** Dataset entries follows **

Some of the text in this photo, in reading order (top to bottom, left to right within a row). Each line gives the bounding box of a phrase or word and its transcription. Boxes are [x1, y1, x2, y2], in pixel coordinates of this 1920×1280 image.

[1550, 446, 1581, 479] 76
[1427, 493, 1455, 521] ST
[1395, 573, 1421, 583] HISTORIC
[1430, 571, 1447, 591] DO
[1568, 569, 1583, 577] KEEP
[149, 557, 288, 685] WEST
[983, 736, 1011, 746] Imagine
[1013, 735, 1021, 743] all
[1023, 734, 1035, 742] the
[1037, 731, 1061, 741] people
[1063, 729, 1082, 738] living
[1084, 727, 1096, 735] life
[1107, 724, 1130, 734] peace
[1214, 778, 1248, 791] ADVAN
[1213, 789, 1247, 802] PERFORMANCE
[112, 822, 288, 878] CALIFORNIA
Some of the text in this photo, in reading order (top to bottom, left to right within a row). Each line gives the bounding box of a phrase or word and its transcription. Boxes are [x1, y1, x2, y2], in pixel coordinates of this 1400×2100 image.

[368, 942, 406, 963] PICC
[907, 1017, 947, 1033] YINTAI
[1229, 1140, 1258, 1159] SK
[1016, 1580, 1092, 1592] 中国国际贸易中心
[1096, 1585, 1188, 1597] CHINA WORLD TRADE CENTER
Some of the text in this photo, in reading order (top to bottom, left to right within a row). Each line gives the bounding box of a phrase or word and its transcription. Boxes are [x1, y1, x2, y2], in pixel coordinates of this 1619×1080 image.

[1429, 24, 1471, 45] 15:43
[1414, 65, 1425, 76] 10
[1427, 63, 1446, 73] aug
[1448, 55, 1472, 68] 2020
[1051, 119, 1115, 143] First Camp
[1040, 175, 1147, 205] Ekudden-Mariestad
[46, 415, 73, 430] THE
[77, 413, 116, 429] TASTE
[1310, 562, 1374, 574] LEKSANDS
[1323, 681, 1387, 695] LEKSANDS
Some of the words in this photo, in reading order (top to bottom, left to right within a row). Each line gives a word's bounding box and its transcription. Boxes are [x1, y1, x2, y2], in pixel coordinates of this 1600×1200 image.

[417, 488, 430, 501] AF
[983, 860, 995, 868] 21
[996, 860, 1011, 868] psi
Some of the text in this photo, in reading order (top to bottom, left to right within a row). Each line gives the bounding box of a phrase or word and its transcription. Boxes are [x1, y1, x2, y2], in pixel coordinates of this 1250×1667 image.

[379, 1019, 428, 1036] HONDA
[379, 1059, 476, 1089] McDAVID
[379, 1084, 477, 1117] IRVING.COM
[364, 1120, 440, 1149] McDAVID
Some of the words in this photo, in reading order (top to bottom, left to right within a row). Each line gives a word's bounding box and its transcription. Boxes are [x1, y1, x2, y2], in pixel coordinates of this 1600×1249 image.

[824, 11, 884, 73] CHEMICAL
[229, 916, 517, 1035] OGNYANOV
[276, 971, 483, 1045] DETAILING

** End of Dataset entries **

- What the task asks: Repeat precisely the lines of the data starting at the one containing "this 1600×1200 image.", last line included.

- Result for this task:
Some of the words in this photo, in reading order (top to bottom, left to right within a row). Each line gives a word's bounding box and its transcription. Boxes are [x1, y1, x2, y2], in pixel coordinates of this 1600×1200 image.

[417, 488, 430, 501] AF
[983, 860, 995, 868] 21
[996, 860, 1011, 868] psi
Some of the text in this photo, in reading order (top to bottom, left to right within a row). Each line gives the bounding box of a phrase or word and its transcription. Boxes are [x1, y1, x2, y2], in pixel coordinates of this 1250×1667 image.

[379, 1019, 428, 1036] HONDA
[379, 1059, 476, 1089] McDAVID
[379, 1084, 477, 1117] IRVING.COM
[364, 1120, 440, 1149] McDAVID
Some of the words in this photo, in reading order (top to bottom, left to right within a row). Each line gives a word's bounding box and its transcription. Boxes are [x1, y1, x2, y2], in pixel coordinates of this 1600×1249 image.

[824, 11, 884, 73] CHEMICAL
[229, 916, 517, 1035] OGNYANOV
[276, 971, 483, 1045] DETAILING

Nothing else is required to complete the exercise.